An alternative is to put one of the objects in charge of the string and then have it expose an interface for making changes to the string. Simpler, but not quite the same effect.
I want two objects to share a single
string object.
They will, if you simply pass the string -- Python doesn't copy unless you tell it to copy.
How do I pass the string object from
the first to the second such that any
changes applied by one will be visible
to the other?
There can never be any change made to a string object (it's immutable!), so your requirement is trivially met (since a false precondition implies anything).
I am guessing that I would have to
wrap the string in a sort of buffer
object and do all sorts of complexity
to get it to work.
You could use (assuming this is Python 2 and you want a string of bytes) an array.array with a typecode of c. Arrays are mutable, so you can indeed alter them (with mutating methods -- and some operators, which are a special case of methods since they invoke special methods on the object). They don't have the myriad non-mutating methods of strings, so, if you need those, you'll indeed need a simple wrapper (delegating said methods to the str(...) of the array that the wrapper also holds).
It doesn't seem there should be any special complexity, unless of course you want to do something truly weird as you seem to given your example code (have an assignment, i.e., a *rebinding of a name, magically affect a different name -- that has absolutely nothing to do with whatever object was previously bound to the name you're rebinding, nor does it change that object in any way -- the only object it "changes" is the one holding the attribute, so it's obvious that you need descriptors or other magic on said object).

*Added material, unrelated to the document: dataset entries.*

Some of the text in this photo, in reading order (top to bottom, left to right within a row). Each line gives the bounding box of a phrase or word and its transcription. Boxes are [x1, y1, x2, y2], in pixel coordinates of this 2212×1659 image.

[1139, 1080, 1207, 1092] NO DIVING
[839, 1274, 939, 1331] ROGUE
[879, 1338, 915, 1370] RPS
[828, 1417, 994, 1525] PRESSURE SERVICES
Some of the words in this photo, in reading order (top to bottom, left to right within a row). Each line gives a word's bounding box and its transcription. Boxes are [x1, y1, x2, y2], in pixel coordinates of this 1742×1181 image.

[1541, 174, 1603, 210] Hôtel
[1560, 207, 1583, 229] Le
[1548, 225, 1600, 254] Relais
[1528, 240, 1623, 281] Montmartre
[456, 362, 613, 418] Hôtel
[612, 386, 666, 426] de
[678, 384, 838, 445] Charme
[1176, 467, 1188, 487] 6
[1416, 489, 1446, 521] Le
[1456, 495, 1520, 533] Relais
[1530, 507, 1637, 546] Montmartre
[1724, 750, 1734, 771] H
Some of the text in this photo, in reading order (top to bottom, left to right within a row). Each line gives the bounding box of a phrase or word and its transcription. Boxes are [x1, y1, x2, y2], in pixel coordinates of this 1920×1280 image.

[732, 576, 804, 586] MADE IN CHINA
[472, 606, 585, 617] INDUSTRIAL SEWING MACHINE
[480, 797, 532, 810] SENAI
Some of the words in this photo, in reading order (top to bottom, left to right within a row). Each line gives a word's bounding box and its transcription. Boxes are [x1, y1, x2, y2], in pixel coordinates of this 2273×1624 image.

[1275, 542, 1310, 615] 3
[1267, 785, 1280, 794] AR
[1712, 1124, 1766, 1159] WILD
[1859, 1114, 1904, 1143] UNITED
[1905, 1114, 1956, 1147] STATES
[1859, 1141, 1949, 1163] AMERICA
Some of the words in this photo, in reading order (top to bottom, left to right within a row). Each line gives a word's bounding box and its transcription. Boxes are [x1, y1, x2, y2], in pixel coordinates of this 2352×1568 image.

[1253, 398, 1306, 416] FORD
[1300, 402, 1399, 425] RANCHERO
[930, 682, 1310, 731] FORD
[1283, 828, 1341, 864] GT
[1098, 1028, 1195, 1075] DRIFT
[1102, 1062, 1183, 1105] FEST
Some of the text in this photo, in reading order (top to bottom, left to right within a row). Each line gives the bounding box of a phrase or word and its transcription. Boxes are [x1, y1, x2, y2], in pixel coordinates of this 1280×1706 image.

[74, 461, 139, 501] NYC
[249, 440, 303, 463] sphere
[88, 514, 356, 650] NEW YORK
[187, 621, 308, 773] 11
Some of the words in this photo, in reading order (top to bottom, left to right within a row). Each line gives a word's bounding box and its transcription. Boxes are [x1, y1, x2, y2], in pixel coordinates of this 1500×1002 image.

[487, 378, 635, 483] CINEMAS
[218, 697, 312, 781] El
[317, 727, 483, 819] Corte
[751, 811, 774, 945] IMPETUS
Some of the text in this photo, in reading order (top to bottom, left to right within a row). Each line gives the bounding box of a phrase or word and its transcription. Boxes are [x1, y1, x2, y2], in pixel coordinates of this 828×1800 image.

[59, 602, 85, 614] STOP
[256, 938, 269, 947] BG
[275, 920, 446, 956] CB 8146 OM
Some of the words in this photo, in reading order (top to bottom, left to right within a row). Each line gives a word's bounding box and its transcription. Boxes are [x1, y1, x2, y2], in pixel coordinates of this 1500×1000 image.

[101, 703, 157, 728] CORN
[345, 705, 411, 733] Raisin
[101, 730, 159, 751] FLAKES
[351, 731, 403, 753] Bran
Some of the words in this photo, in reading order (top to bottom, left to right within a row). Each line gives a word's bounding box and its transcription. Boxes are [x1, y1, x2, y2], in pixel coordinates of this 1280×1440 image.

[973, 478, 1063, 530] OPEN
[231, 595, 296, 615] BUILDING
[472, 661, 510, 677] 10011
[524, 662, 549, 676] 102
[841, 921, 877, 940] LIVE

You appear to come from some language where variables (and particularly strings) are "containers of data" (like C, Fortran, or C++). In Python (like, say, in Java), names (the preferred way to call what others call "variables") always just refer to objects, they don't contain anything except exactly such a reference. Some objects can be changed, some can't, but that has absolutely nothing to do with the assignment statement (see note 1) (which doesn't change objects: it rebinds names).
(note 1): except of course that rebinding an attribute or item does alter the object that "contains" that item or attribute -- objects can and do contain, it's names that don't.
Just put your value to be shared in a list, and assign the list to both objects.
class A(object):
def __init__(self, strcontainer):
self.strcontainer = strcontainer
def upcase(self):
self.strcontainer[0] = self.strcontainer[0].upper()
def __str__(self):
return self.strcontainer[0]
# create a string, inside a shareable list
shared = ['Hello, World!']
x = A(shared)
y = A(shared)
# both objects have the same list
print id(x.strcontainer)
print id(y.strcontainer)
# change value in x
x.upcase()
# show how value is changed in both x and y
print str(x)
print str(y)
Prints:
10534024
10534024
HELLO, WORLD!
HELLO, WORLD!
i am not a great expert in python, but i think that if you declare a variable in a module and add a getter/setter to the module for this variable you will be able to share it this way.